Ultra Power Saving Mode is not simply a fancy way to restrict background data and dim the screen like most other OEMs do — this mode drastically reduces power drain by pulling back on almost everything the phone does. The most obvious change when activating UPSM is the switch to a grayscale display. This wouldn’t make much difference at all to a phone with an LCD, but Samsung’s Super AMOLED is playing to its strengths here.

An AMOLED panel differs from LCD in that it doesn’t need a backlight. All the light is produced by the pixels, so a black pixel is simply off (uses no power). By changing to a black and white UI, the Galaxy S5 needs to light fewer pixels, thus reducing power usage substantially. It also caps brightness at a maximum of 87 nits, a big drop from over 400 nits without Ultra Power Saver. Does that make it harder to read? Not really. AMOLEDs have very high contrast, so a black and white interface — even one that is very dim — is surprisingly readable.
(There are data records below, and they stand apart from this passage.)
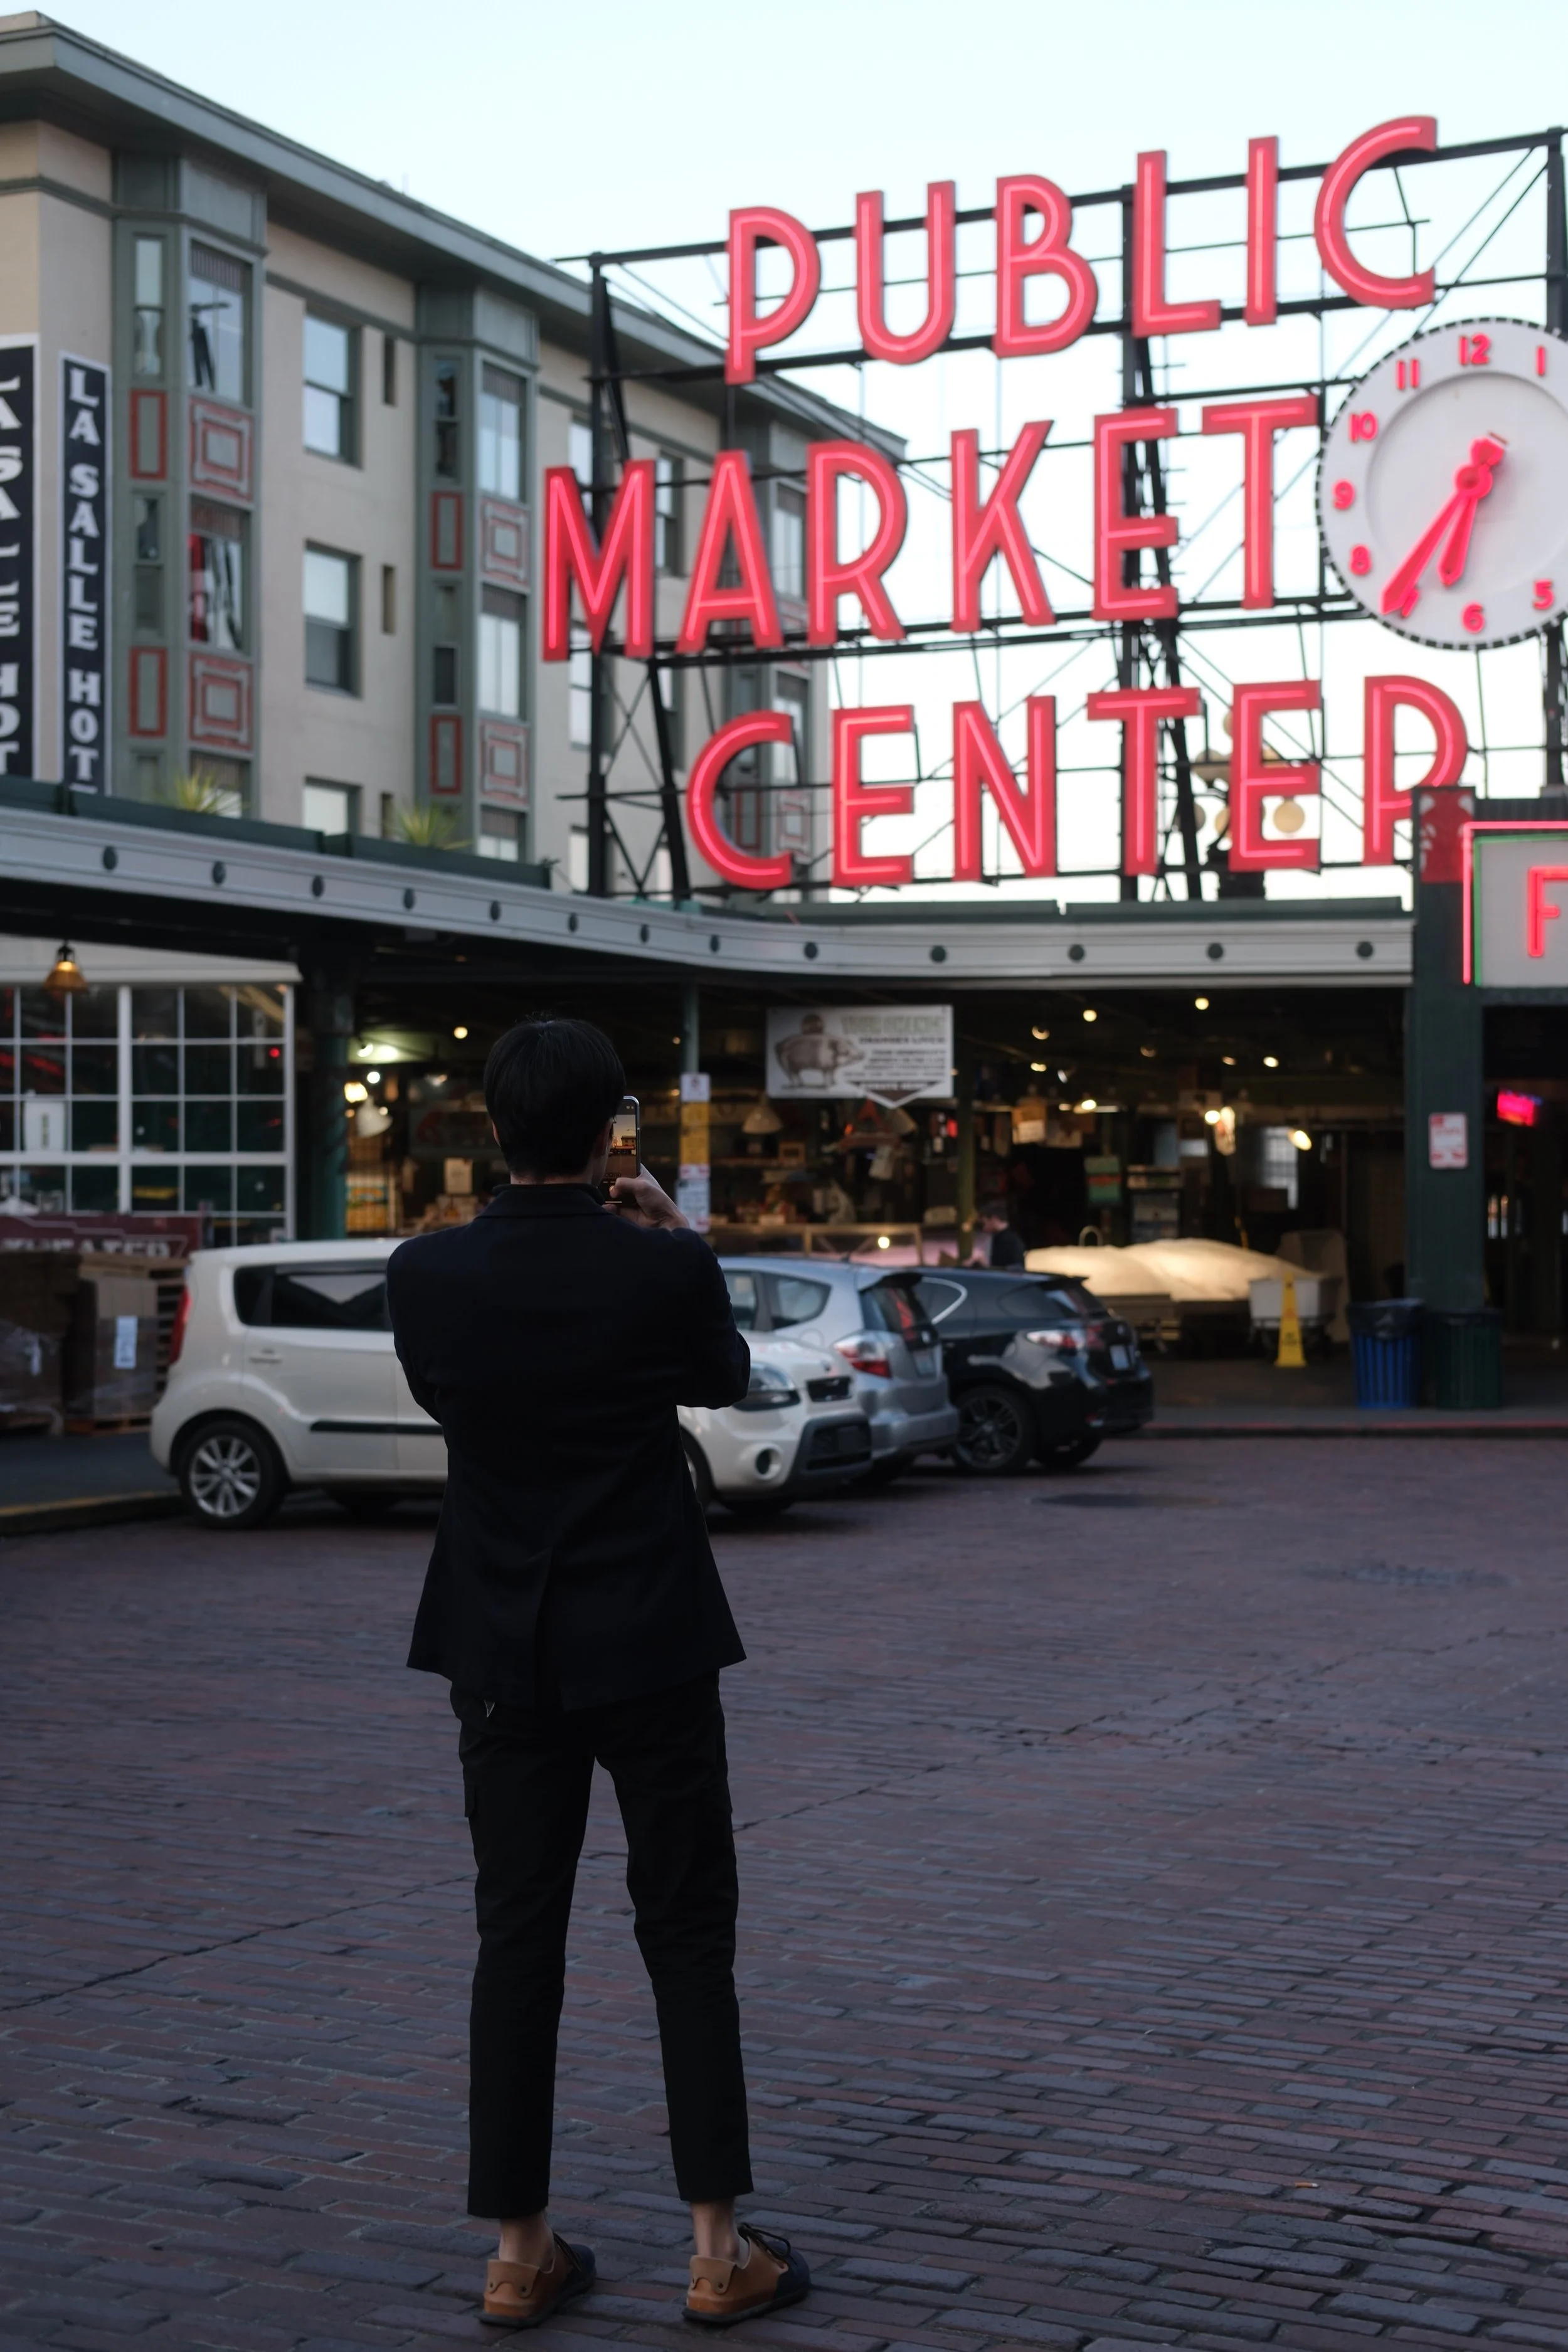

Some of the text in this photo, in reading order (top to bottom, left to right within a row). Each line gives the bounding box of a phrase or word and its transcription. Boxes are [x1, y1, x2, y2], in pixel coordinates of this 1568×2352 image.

[725, 115, 1438, 385] PUBLIC
[1458, 333, 1491, 366] 12
[1536, 346, 1546, 376] 1
[1396, 358, 1420, 390] 11
[1348, 411, 1378, 443] 10
[1332, 479, 1355, 511] 9
[542, 394, 1318, 661] MARKET
[1349, 543, 1372, 576] 8
[67, 366, 102, 794] LA SALLE HOT
[1533, 579, 1554, 610] 5
[1461, 601, 1485, 634] 6
[687, 674, 1468, 889] CENTER
Galaxy S5 Ultra Power save modeBig changes happen on the inside of the Galaxy S5 when UPSM is engaged too. The device comes with a Snapdragon 801, which has four Krait 400 CPU cores clocked to 2.5GHz. Ultra Power Saver Mode takes advantage of Qualcomm’s custom ARM cores — two cores turn off completely, and the remaining two are downclocked and capped at 1.5GHz. To compensate for the reduction in processing power, Samsung also drops the display refresh from 60Hz to 30Hz.

Samsung has designed the new TouchWiz software to be ruthless when UPSM is turned on — all running processes and services are ended, and nothing is allowed to run in the background except for the bare essentials needed for calling and messaging. You can only access a subset of apps in this mode, including the stock Samsung browser, messaging, phone, clock, and ChatOn. Of course, this might just be a devious way to get people to actually use ChatOn.

With UPSM activated, the Galaxy S5 is able to drop its power usage to just 16.8mW, which could run the phone in standby for over 64 hours on a 10% charge. Samsung only claimed 24 hours, which likely assumes you’ll still wake it up on occasion. Our own informal testing showed 2% battery drain for a 15-hour overnight stretch, during which the phone was in standby the entire time.

Ultra Power Saver Mode is an example of an OEM using its Android modification powers for good instead of evil. After all, Google hasn’t even bothered with a power saving mode in stock Android. There are aspects of TouchWiz that still need hammering out, but it probably has the most impressive power saving feature of any smartphone today.